* [Material for this exercise]:
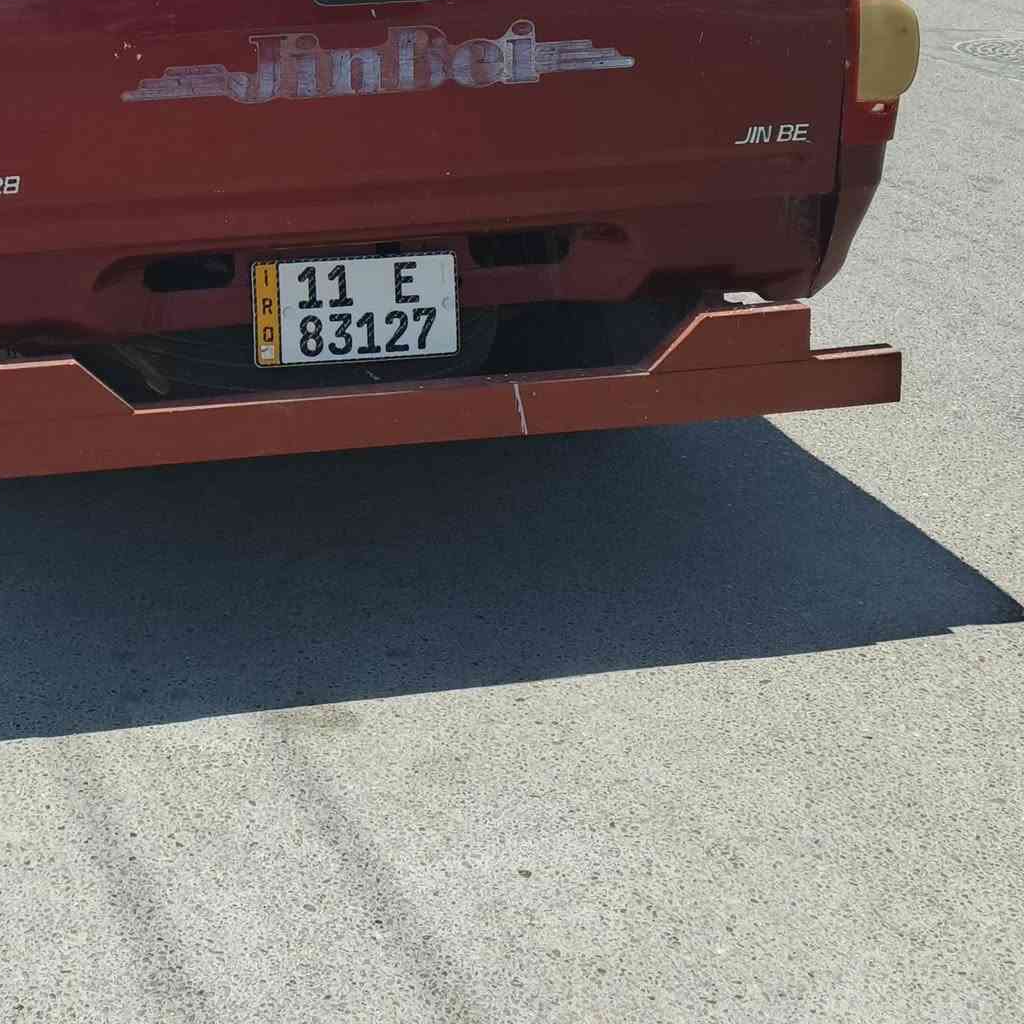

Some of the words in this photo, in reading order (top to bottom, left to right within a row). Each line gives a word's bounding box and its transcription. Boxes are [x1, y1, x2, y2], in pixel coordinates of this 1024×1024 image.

[734, 124, 772, 145] JIN
[297, 263, 354, 310] 11
[394, 261, 420, 304] E
[299, 307, 438, 357] 83127

* [What needs to be done]:
Once the pictures are removed, reproduce the remaining entries above exactly.

* [Exercise solution]:
Some of the words in this photo, in reading order (top to bottom, left to right within a row). Each line gives a word's bounding box and its transcription. Boxes are [x1, y1, x2, y2], in pixel coordinates of this 1024×1024 image.

[734, 124, 772, 145] JIN
[297, 263, 354, 310] 11
[394, 261, 420, 304] E
[299, 307, 438, 357] 83127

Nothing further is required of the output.